Le Pape, le sida et la presse camerounaise (4/4)

Un regard sur la presse étrangère

L'affaire du préservatif va susciter une interrogation sur le traitement par les médias extérieurs au Cameroun de la venue du Pape. Les journalistes camerounais de la presse écrite privée perçoivent très vite, avec acuité, le risque de voir l'affaire du préservatif éclipser dans les médias étrangers tous les autres débats et tout autre traitement autour de la venue de Benoît XVI dans leur pays. Nous commençons d'ailleurs par un article du 19 mars paru dans le quotidien Mutations, qui prévoit les conséquences du battage médiatique. Le journaliste, Célestin Obama, s'interroge sur la pertinence d'un potentiel lynchage dans la presse camerounaise du successeur de Saint Pierre, tel qu'il l'a vu dans la presse étrangère.

Préservatif : L'Instrumentum laboris contracte le sida

La position du pape sur le préservatif ravit la vedette à l'objet de la visite papale.

"Le problème du sida ne peut pas être résolu par la distribution de préservatifs. Au contraire, leur utilisation aggrave le problème". Cette déclaration du pape Benoît XVI aux journalistes à bord de l’avion qui l’amenait à Yaoundé fait des vagues. Si bien que l'objet de son voyage du pape se trouve noyé dans les commentaires des médias surtout internationaux. Car, le sida touche particulièrement l'humanité de par le nombre de ses victimes. Tout le risque est par conséquent de ne rien retenir du passage de Benoît XVI au Cameroun.

Aucune réaction au comité national de lutte contre le sida (Cnls) dont le responsable ne "reçoit pas, même si c'est qui ", fait-on savoir au secrétariat. " Je suis très mal placé pour réagir aux propos d'un pape. Il n'y a que le ministre et le Secrétaire permanent pour le faire ", rétorque monsieur Djaou. Une source nous dirige vers la Conférence épiscopale nationale, bénéficiaire de 34 millions de fcfa pour mener la lutte contre le sida après s'être engagée à suivre le plan national de lutte qui inclue bien sûr le condom. " Je ne suis pas prête à répondre spontanément. Il faut choisir quelqu'un d'autre ", rétorque Dr Andaban, religieuse responsable de la santé à la conférence épiscopale.

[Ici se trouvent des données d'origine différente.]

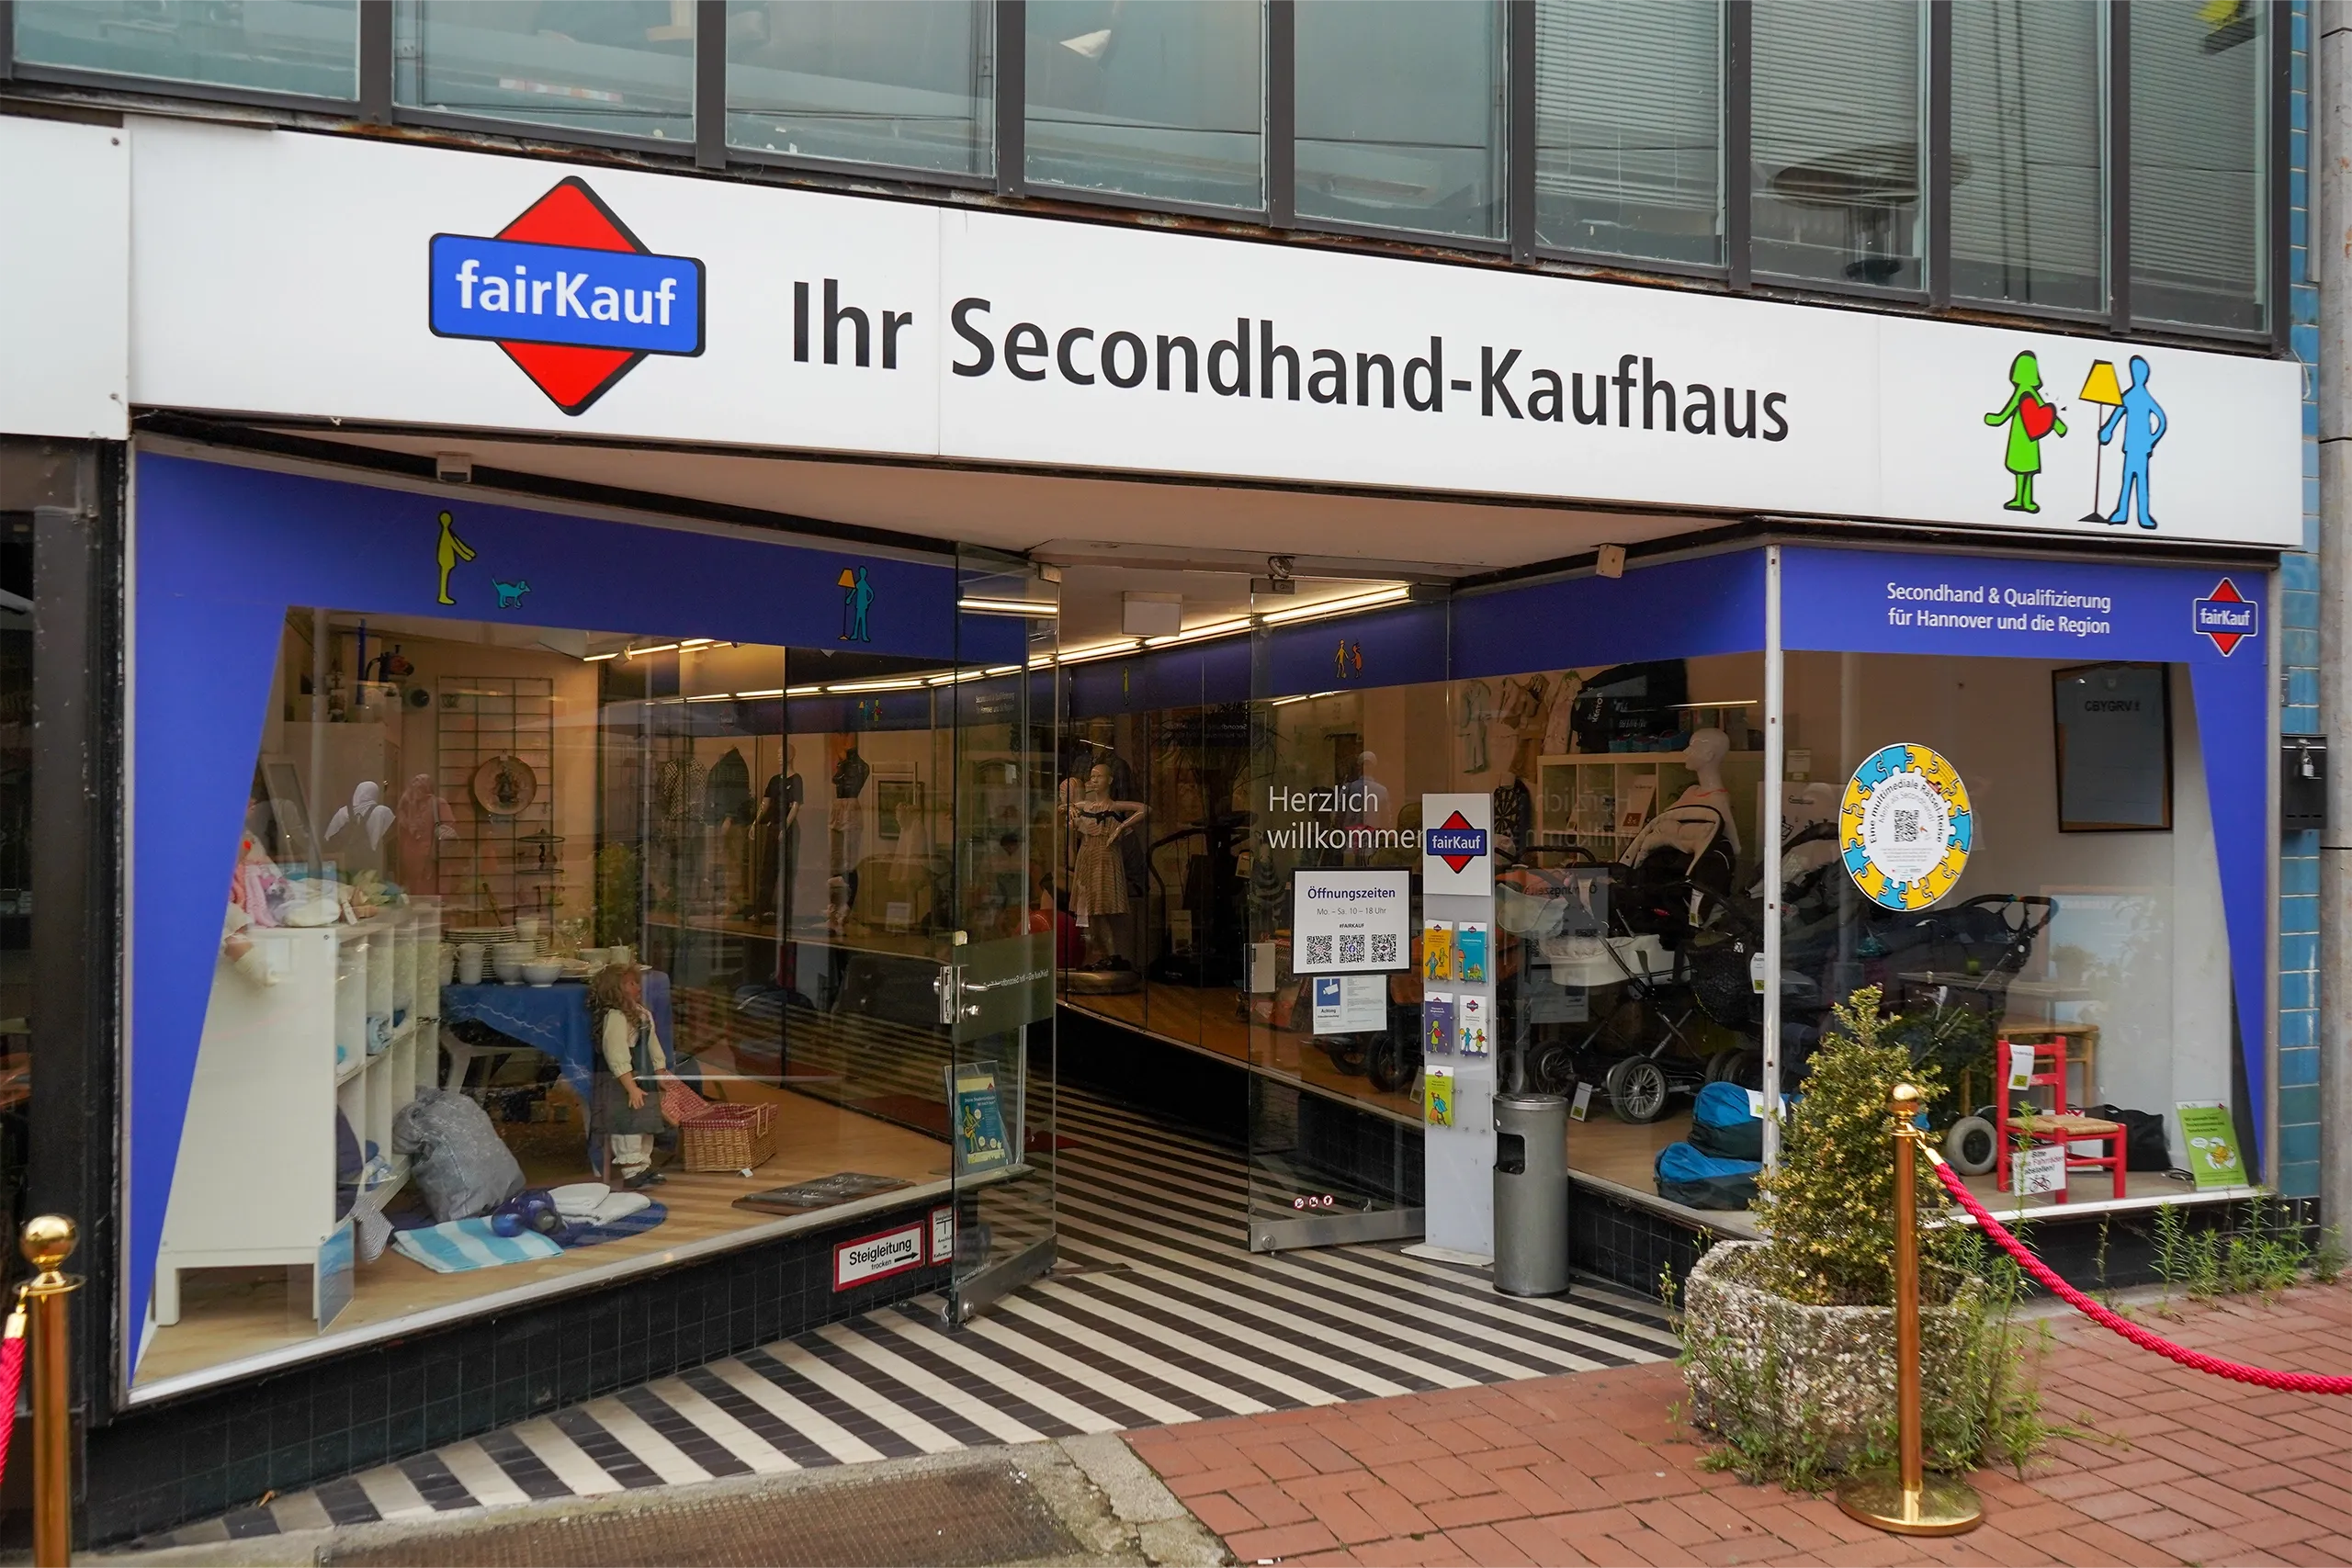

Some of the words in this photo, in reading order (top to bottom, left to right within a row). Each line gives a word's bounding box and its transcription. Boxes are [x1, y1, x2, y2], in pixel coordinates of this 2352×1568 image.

[456, 259, 677, 326] fairKauf
[794, 277, 912, 370] Ihr
[949, 296, 1790, 442] Secondhand-Kaufhaus
[1887, 581, 1984, 604] Secondhand
[1987, 586, 2001, 605] &
[2004, 588, 2111, 614] Qualifizierung
[1888, 607, 1914, 626] für
[1917, 610, 1994, 631] Hannover
[1996, 613, 2028, 633] und
[2030, 614, 2056, 633] die
[2058, 615, 2110, 636] Region
[2199, 607, 2251, 628] fairKauf
[1269, 785, 1378, 812] Herzlich
[1431, 835, 1480, 850] fairKauf
[1307, 886, 1396, 901] Öffnungszeiten
[1316, 907, 1329, 915] Mo.
[1337, 907, 1347, 915] Sa.
[1349, 907, 1358, 915] 10
[1364, 907, 1373, 915] 18
[849, 1236, 912, 1267] Steigleitung
[871, 1258, 892, 1271] trocken
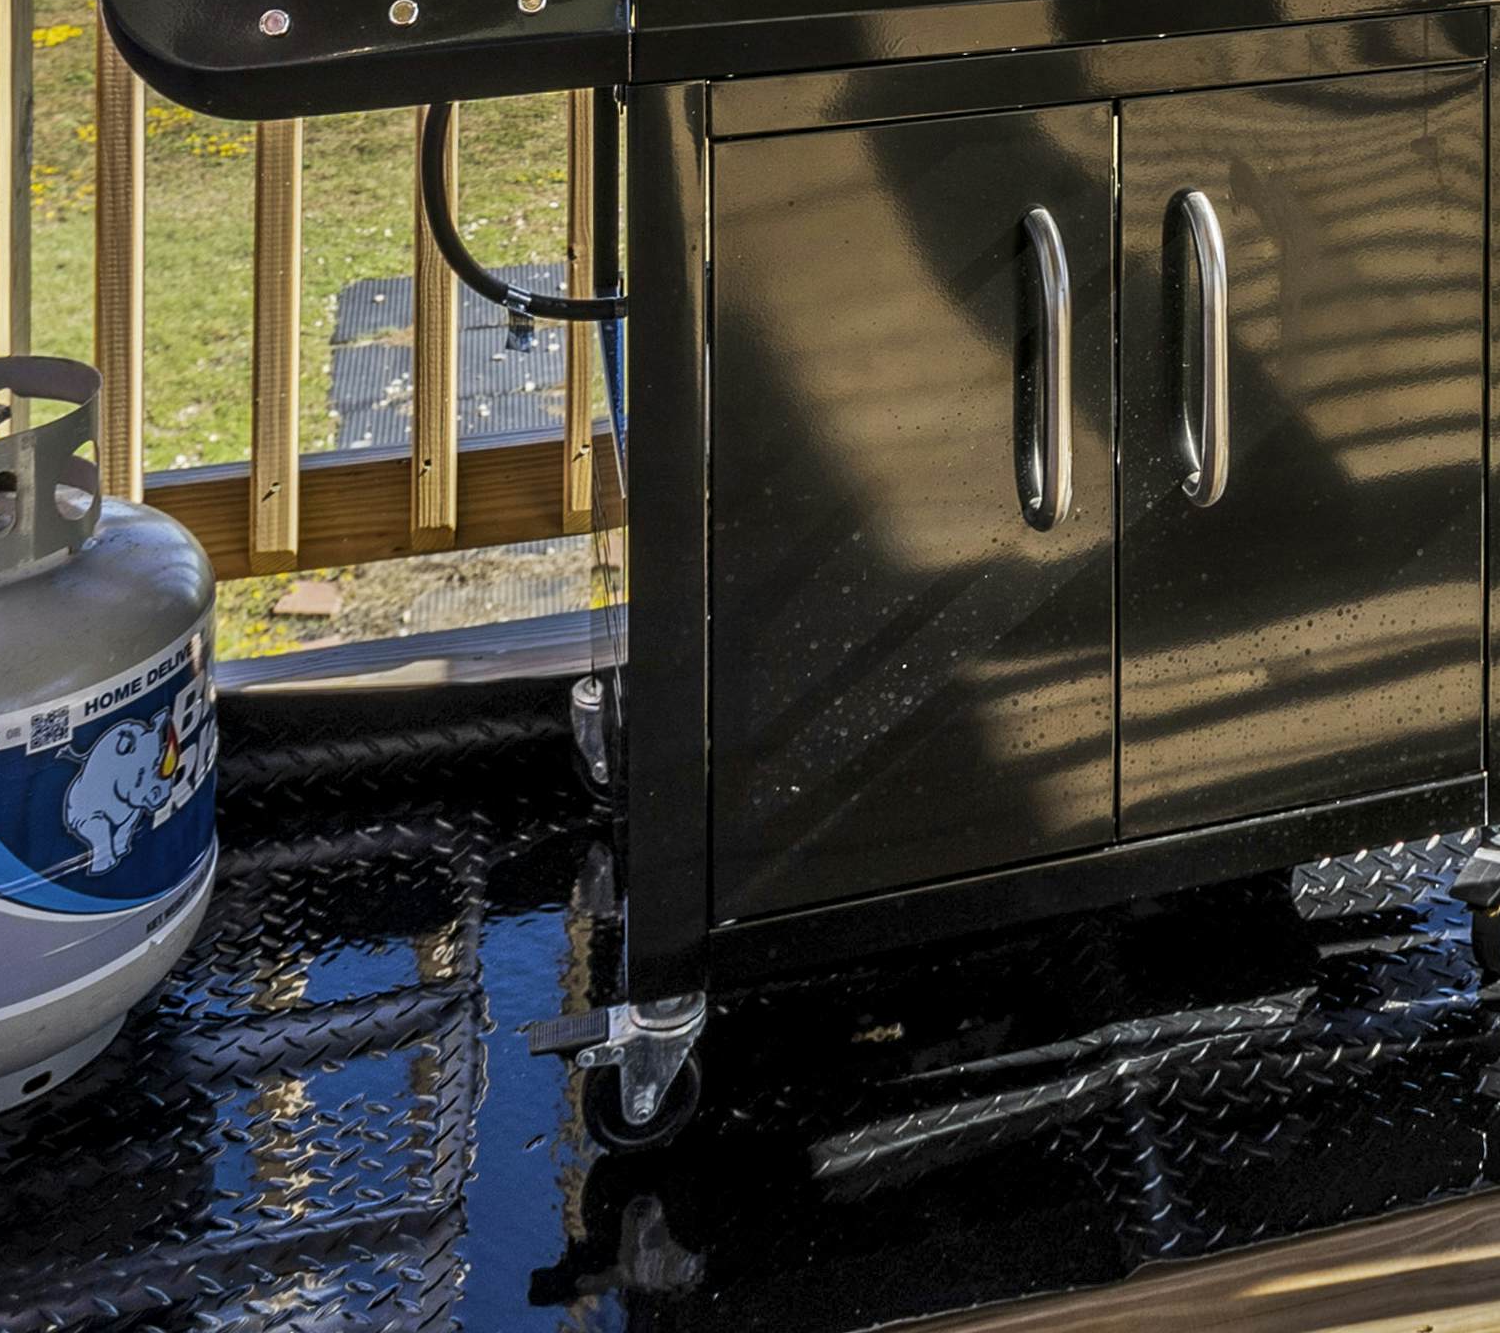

Un président d'un réseau d'associations de personnes vivant avec le vih/sida a une position " partagée. Le condom a sa place pour ceux qui sont touchés. La vie serait impossible sans préservatif. Mais au niveau de la prévention, le pape a raison quelque part sur la plan purement chrétien". Le Groupe de Recherche et d'Appui en communication participative pour le Développement et le changement de comportement (Gracode) est un organisme d'appui à la lutte contre le sida. Emérant Koulou Etoa, son président et ancien chef de l'unité Communication et changement de comportement au Groupe technique provincial (Gtp) de lutte contre le sida dans le Centre pense que " la distribution du préservatif n'apporte pas le changement de comportement. Le préservatif est incontournable dans le cas de partenaires multiples et en cas de relation douteuse. Dans l'ancien message : abstinence-fidélité-condom. Le condom ne vient qu'en troisième et dernière position. La première politique du comité national de lutte contre le sida était de distribuer des préservatifs. Celle-ci a abouti à l'échec ".

Célestin Obama, Mutations, 19 Mars 2009

Voici maintenant une revue de la presse étrangère publiée dans La Nouvelle Expression, fruit du travail d'un stagiaire. Titrée « la presse mondiale s'en fait l'écho », l'article ne parle cependant que de la presse française, à travers trois titres : La Croix, Le Monde et L'Express. La première constatation vient apporter une caution à l'article présenté précédemment : les « confrères étrangers » ont surtout surfé sur la vague médiatique de « l'affaire du condom ». Dans une deuxième partie, l'auteur de l'article, Lindovi Ndjio dresse un bilan de ce que la presse française, à travers ces trois journaux, a dit et écrit d'autre sur la venue du Pape au Cameroun.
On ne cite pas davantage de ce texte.